The article we shared of MARYLAND'S offshore wind farm tied to nothing but criminal global banking 1% and foreign corporations asks why would Maryland build such complex structures offshore already knowing it will be a financial albatross and useless in GREEN ENERGY when they had plenty of land to build ordinary wind platforms. The answer is the GOAL-----the intent is to usurp our US sovereignty in territorial waters and continental shelf and open the excuse to bring global mercenary security and policing that 99% of US citizens in states all along US coastline will have absolutely no control and will be drained personally and as taxpayers in efforts to attain common utilities and food.
'The vagueness of coastal state jurisdictional authority over these rigs unacceptably increases the risk of accidents,as seen with the BP Deepwater Horizon spill'.
THIS IS THE COLONIAL EAST INDIA CORPORATION MEETS THE BRITISH/FRENCH ROYAL NAVIES ON STEROIDS.
What we already know is below-----these offshore platforms---whether oil, natural gas, massive solar or wind platforms, or global seafood farming platforms all have a goal of claiming SOVEREIGN RIGHTS separate from those whose coastlines they are allowed to build.
So, China as a sovereign nation is very forcefully protecting its EEZ 200 MILES and it is using the installation of OIL RIG SOVEREIGNTY to invade the sovereignty of neighboring nations very mad about this. Why do US 99% WE THE PEOPLE simply sit back and allow for what a VIETNAM fights?
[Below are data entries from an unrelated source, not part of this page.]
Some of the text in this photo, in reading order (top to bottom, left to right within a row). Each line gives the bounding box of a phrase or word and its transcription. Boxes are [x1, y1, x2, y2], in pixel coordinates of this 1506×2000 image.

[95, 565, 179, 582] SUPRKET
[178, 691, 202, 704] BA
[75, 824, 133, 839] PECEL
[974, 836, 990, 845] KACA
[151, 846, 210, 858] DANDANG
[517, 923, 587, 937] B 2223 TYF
WE KEEP THINKING CLINTON/BUSH/OBAMA ARE AMERICAN WHEN THEY HAVE ALWAYS PLEDGED TO SERVE OLD WORLD MERCHANTS OF VENICE GLOBAL 1%.
1 Year Later: Reflections on China's Oil Rig 'Sovereignty-Making' in the South China Sea
What is the long-term significance of China’s decision to move an oil rig into Vietnam’s exclusive economic zone in May 2014?
By Ankit Panda
May 12, 2015
One year ago, China’s state-owned China National Offshore Oil Company (CNOOC) moved an exploratory oil rig, Haiyang Shiyou 981 (HD-981), worth an estimated $1 billion, into waters within Vietnam’s exclusive economic zone. The incident sparked a major bilateral crisis between the two countries—both of whom claim the disputed Paracel Islands. In hindsight, the event marked the start of China’s attempts to change the status quo in the South China Sea by committing its civilian and non-military assets to disputed areas.
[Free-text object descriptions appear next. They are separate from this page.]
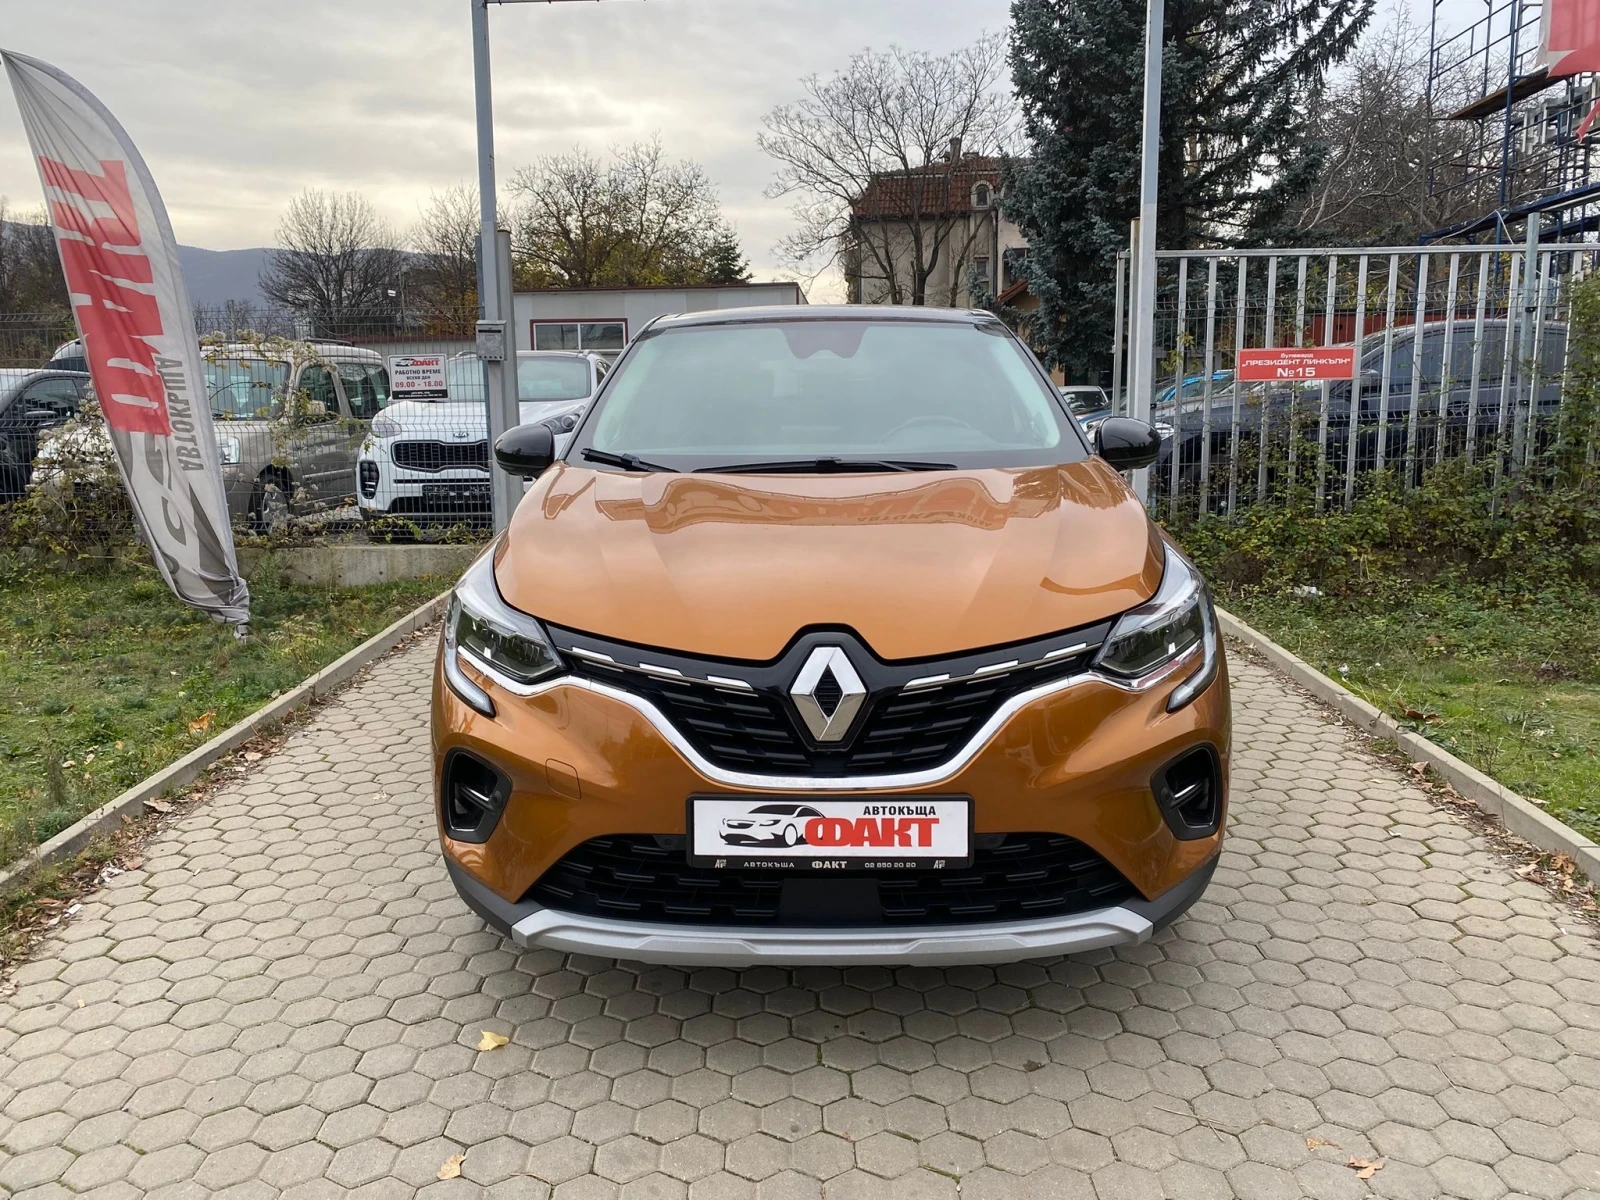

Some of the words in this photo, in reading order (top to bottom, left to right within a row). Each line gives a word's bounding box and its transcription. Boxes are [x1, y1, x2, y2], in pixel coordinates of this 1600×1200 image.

[863, 805, 937, 816] АВТОКЪЩА
[804, 817, 940, 847] ФАКТ
[811, 860, 848, 869] ФАКТ
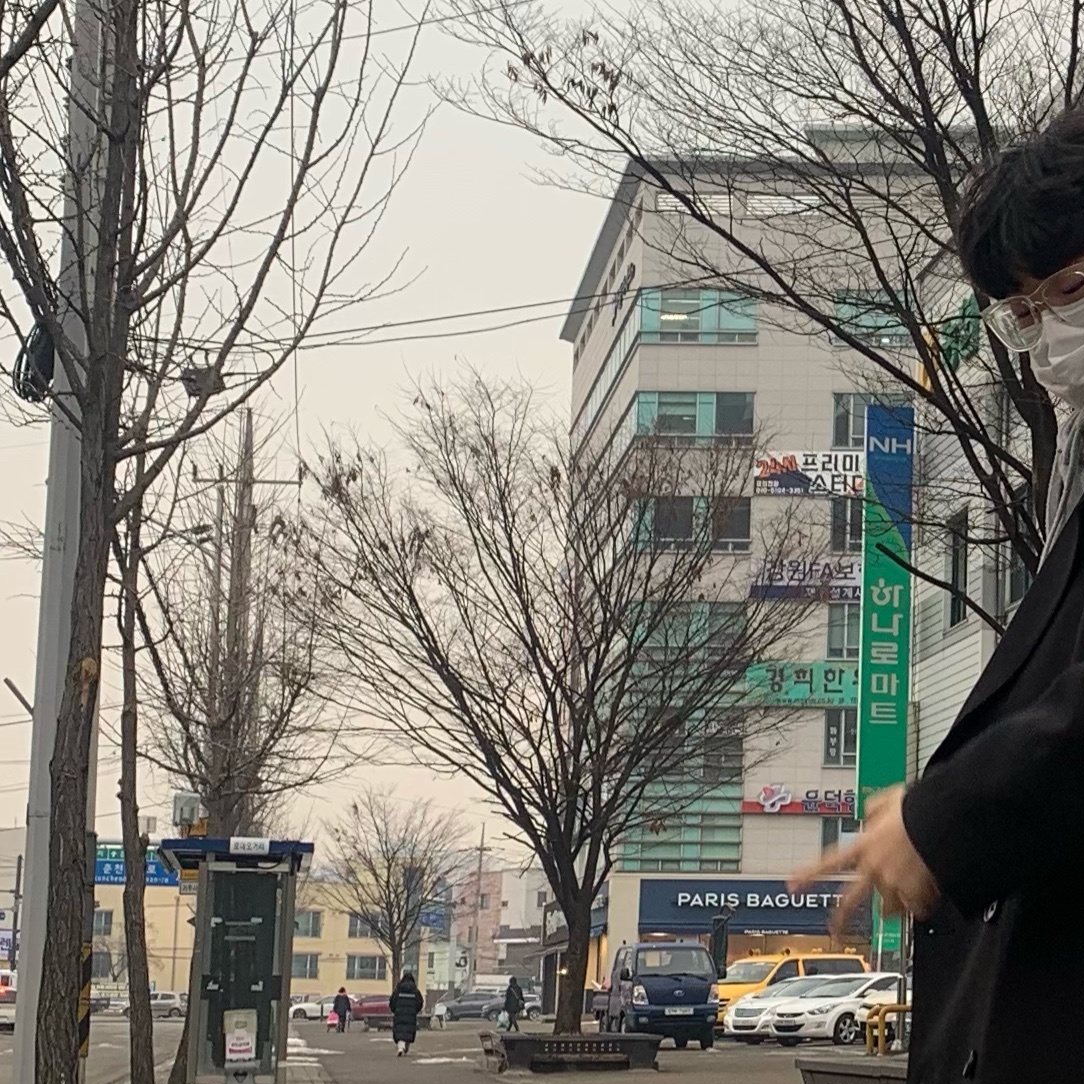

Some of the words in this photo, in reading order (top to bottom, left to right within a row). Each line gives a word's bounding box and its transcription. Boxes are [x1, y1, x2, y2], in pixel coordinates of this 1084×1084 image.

[868, 436, 912, 455] NH
[869, 577, 904, 725] 하나로마트
[677, 892, 740, 907] PARIS
The timeline of the HD-981 stand-off was recently featured in the U.S. Department of Defense’s 2015 report on China’s military. On May 3, 2014, Hainan province’s Maritime Safety Administration declared that the oil rig would begin drilling operations off the disputed Paracel Islands, ending in August that year. The next day, Vietnam’s government protested the Chinese announcement. China declared a 3 nautical mile security radius around the oil rig, far exceeding the 500 meter safety zone state parties to the United Nations Convention on the Law of the Sea are entitled to under that treaty.
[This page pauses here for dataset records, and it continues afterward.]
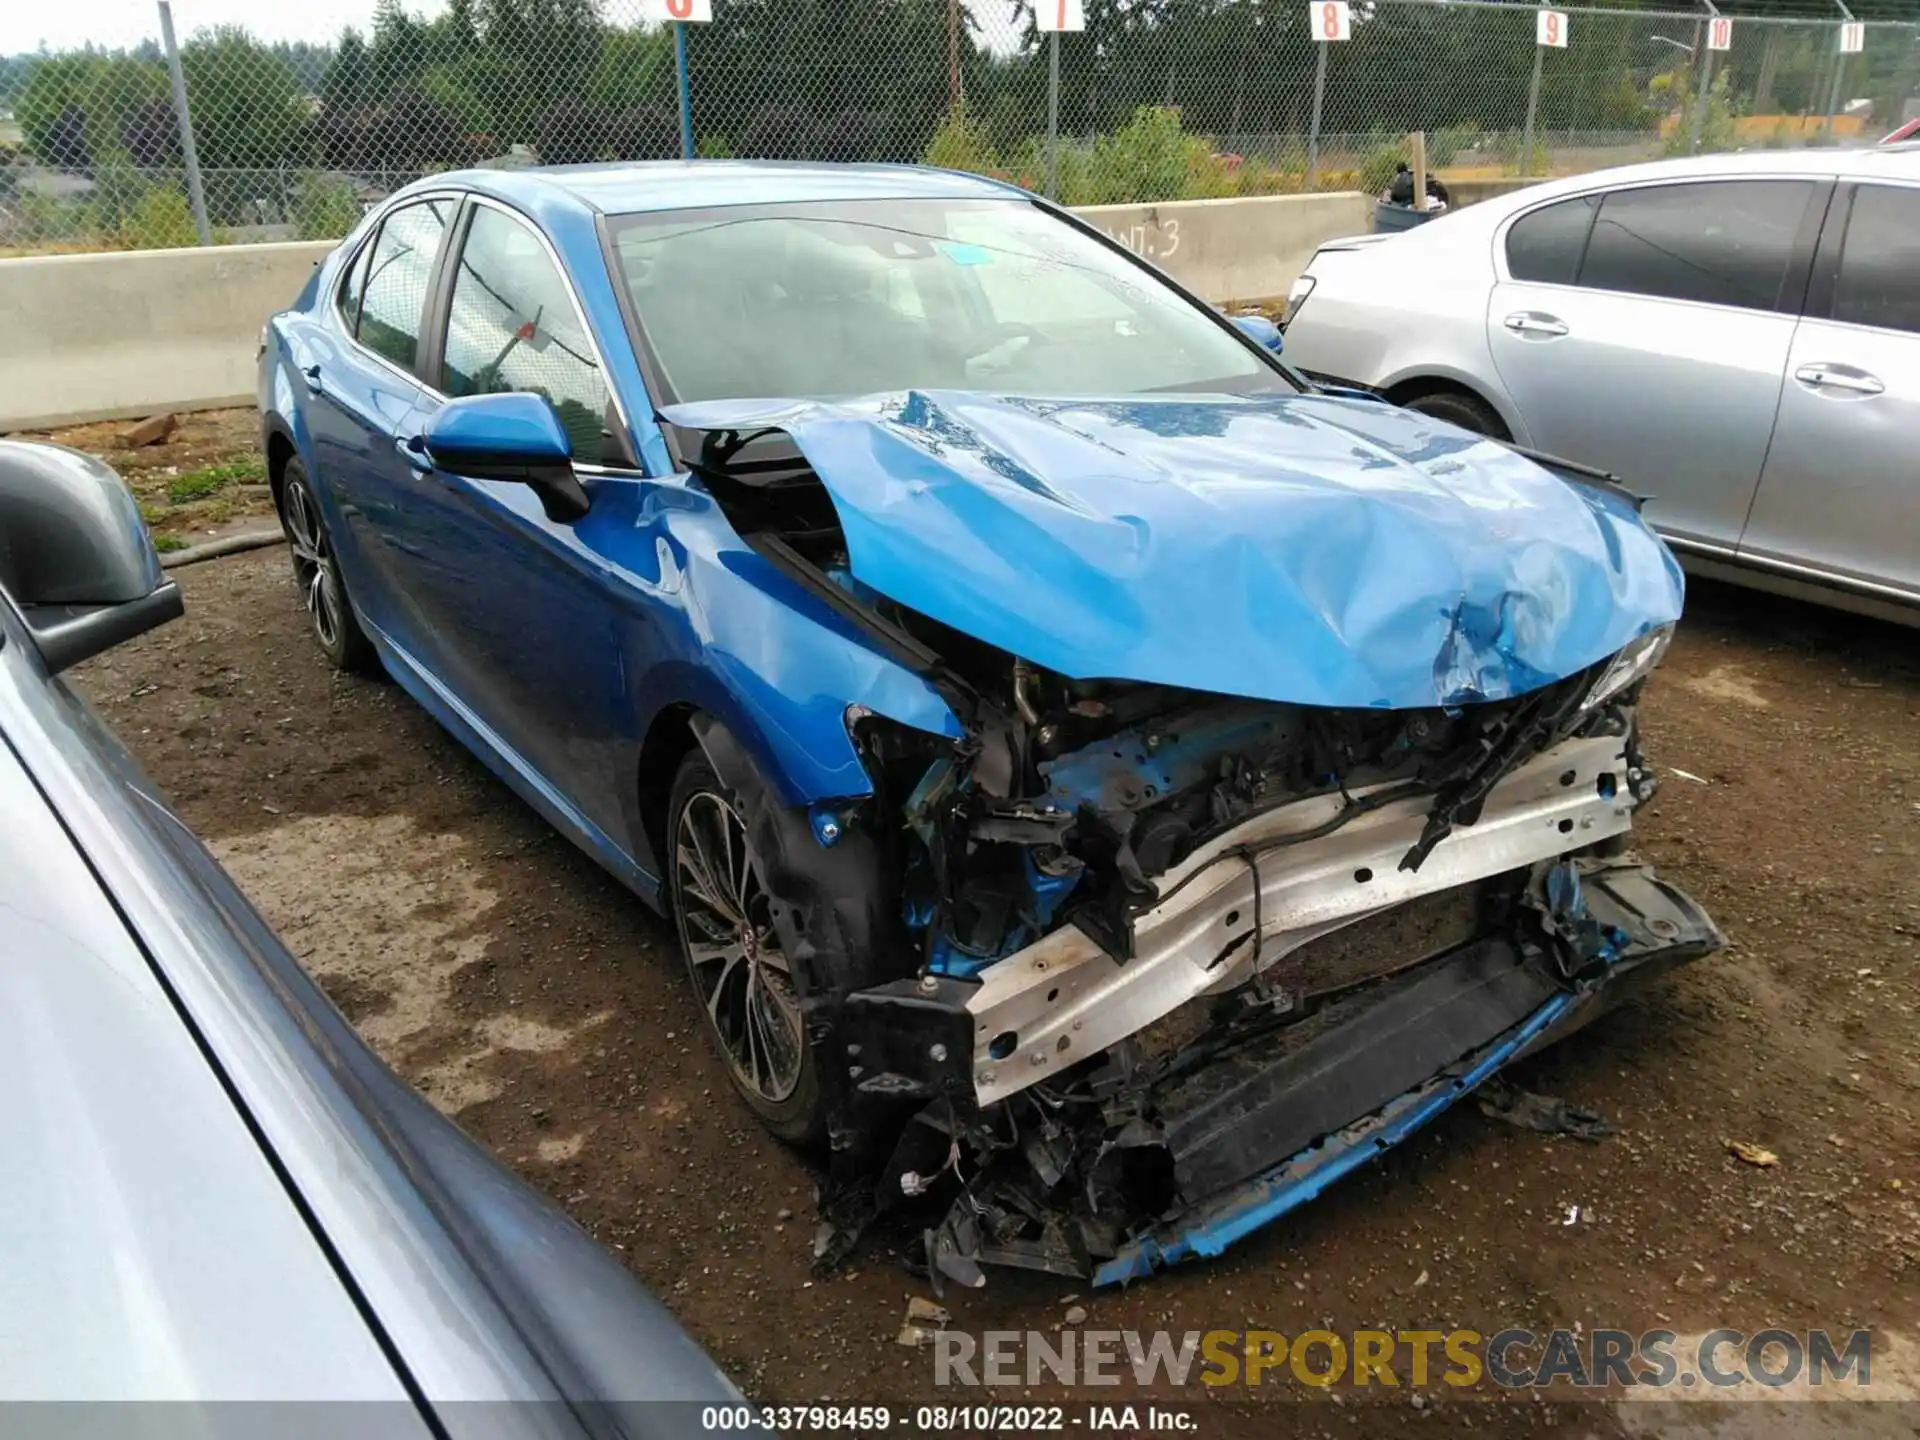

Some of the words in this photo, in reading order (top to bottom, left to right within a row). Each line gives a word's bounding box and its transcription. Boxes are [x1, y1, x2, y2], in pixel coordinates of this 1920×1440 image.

[1323, 3, 1339, 37] 8
[1547, 14, 1558, 43] 9
[1714, 20, 1728, 47] 10
[1847, 26, 1858, 50] 11
[1160, 219, 1180, 258] 3
Beginning May 11, Vietnam erupted in anti-China protests. The protests resulted in Chinese businesses being harassed and attacked; several foreign-owned factories were damaged as part of the protests. The Vietnamese media featured incidents off Vietnam’s coast involving Chinese coast guard ships and Vietnamese fishing vessels colliding. China had deployed civilian fishing vessels, coast guard ships, and a limited number of People’s Liberation Army Navy assets to protect the waters around HD-981. On May 26, a Vietnamese fishing boat capsized after colliding with a Chinese fishing boat. Ultimately, China evacuated its citizens from Vietnam after two of its citizens died during the protests.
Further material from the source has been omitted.